Changing the Ecology: A Staged Path Forward
There is a third approach, focused less on formal agreements and more on changing the environment in which Palestinian politics operates. The key idea is simple:
Instead of demanding a fully formed peace‑capable Palestinian leadership in advance, create conditions in which such leadership can realistically emerge.
That requires three elements:
• A clear political horizon: Palestinians must be able to see what a viable, dignified future looks like. Ambiguity feeds extremism.
• Security first: Armed factions must be prevented from sabotaging reform. Without basic security, moderation cannot survive.
• Staged progress: Political and sovereign authority should expand only as Palestinian institutions demonstrate real capacity—governance, rule of law, and suppression of violence.
In this framework, sovereignty is not granted as an act of faith.

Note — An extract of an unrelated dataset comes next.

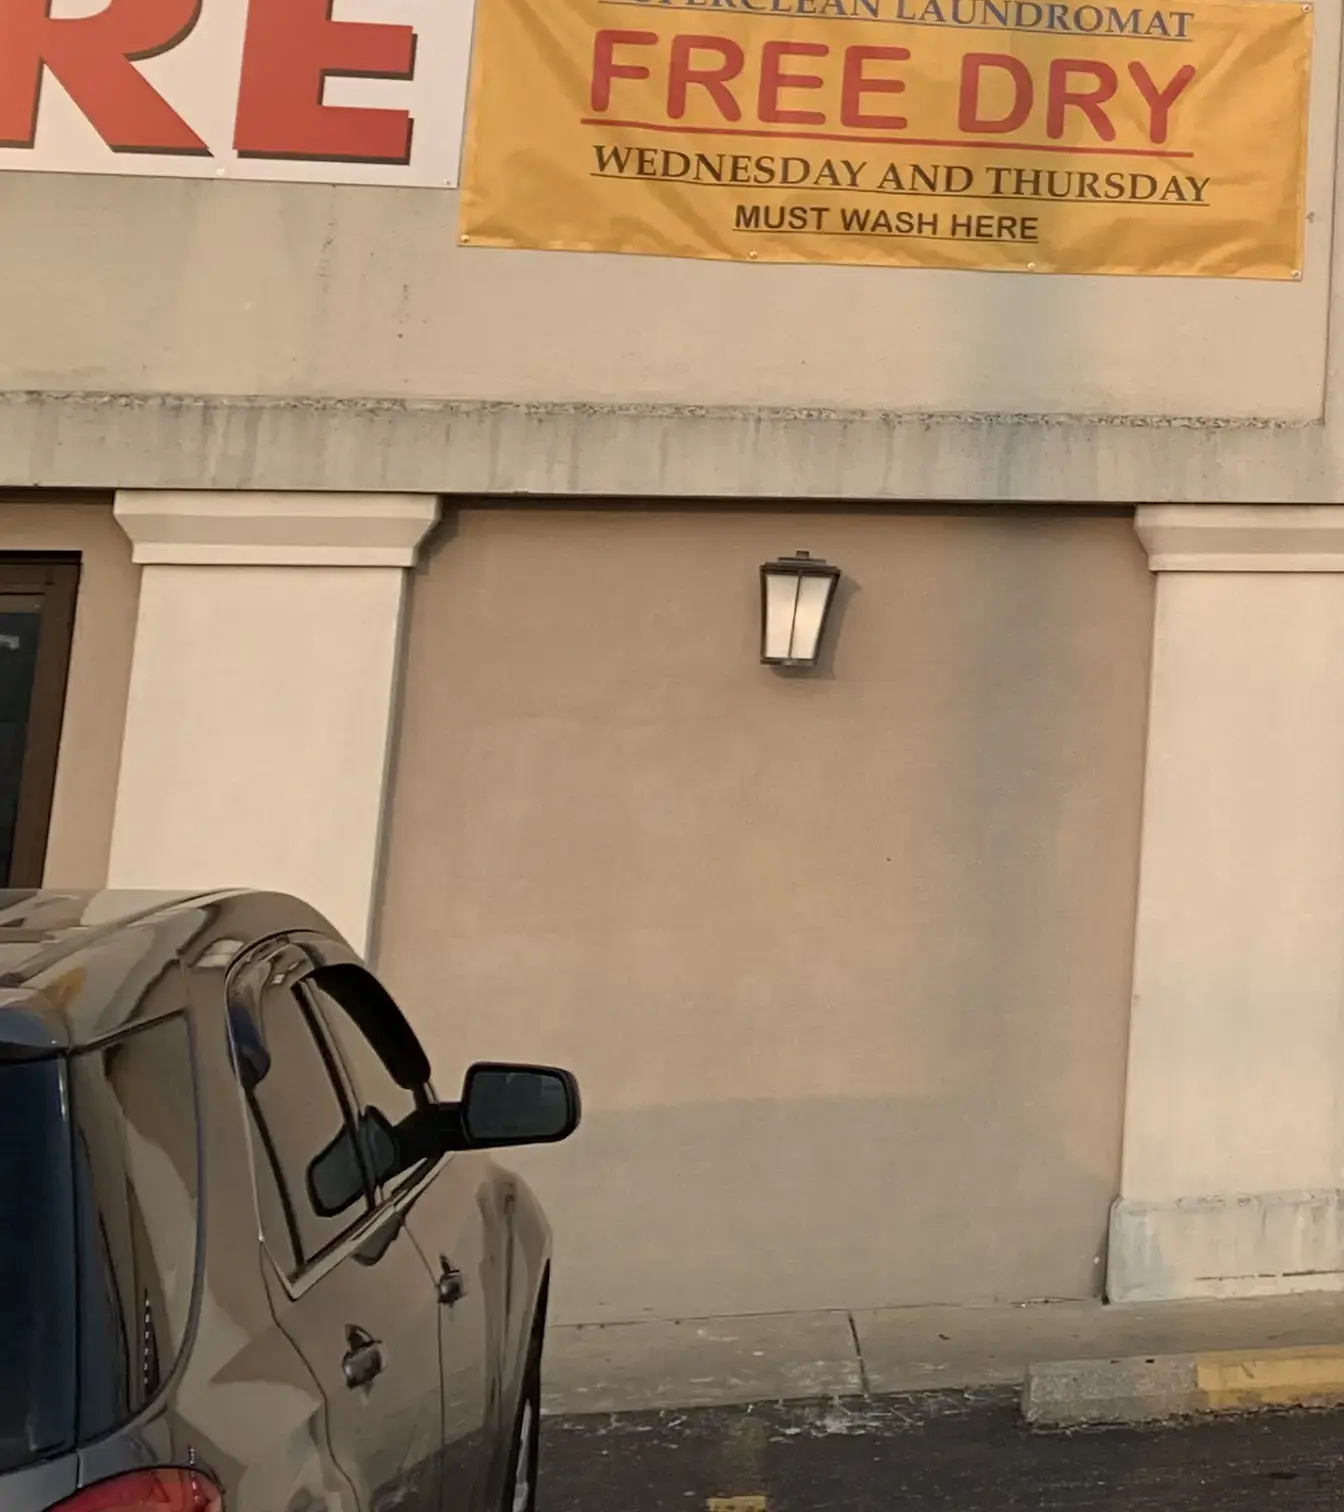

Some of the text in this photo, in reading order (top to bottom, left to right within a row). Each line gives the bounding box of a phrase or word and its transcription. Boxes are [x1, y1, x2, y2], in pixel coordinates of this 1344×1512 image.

[590, 28, 1197, 145] FREE DRY
[592, 144, 1212, 203] WEDNESDAY AND THURSDAY
[735, 204, 1040, 240] MUST WASH HERE

It is earned through performance.This shifts incentives inside Palestinian society. Violence no longer advances political goals—it delays them. Institution‑building becomes the path to progress. Responsibility gains value; destruction loses it.
Why This Matters
Societies change when their incentive structures change.

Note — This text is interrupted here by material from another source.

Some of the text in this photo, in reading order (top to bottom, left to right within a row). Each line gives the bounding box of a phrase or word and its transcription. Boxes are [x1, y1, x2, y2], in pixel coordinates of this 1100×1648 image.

If Palestinians continue to experience that chaos brings aid, violence brings legitimacy, and responsibility brings risk, nothing will improve. But if stability, reform, and coexistence lead to tangible gains—economic, political, and territorial—the internal balance of power can shift. The question then becomes not whether Palestinians want peace in the abstract, but whether the system finally rewards those who work toward it.
A Final Thought
Israeli fear is rational. Gaza became Hamas. Oslo led to the Second Intifada. Trust was shattered. But concluding that Palestinian society is inherently incapable of reform leaves only one strategy: permanent containment. That may ultimately be unavoidable.
But before resigning ourselves to that outcome, it is worth asking whether what we are seeing is a fixed reality—or the result of incentives that could, in principle, be changed. History shows that deeply broken societies can reform when the ecology that sustains dysfunction is dismantled. The potential exists.
The question is whether the conditions will ever allow it to surface.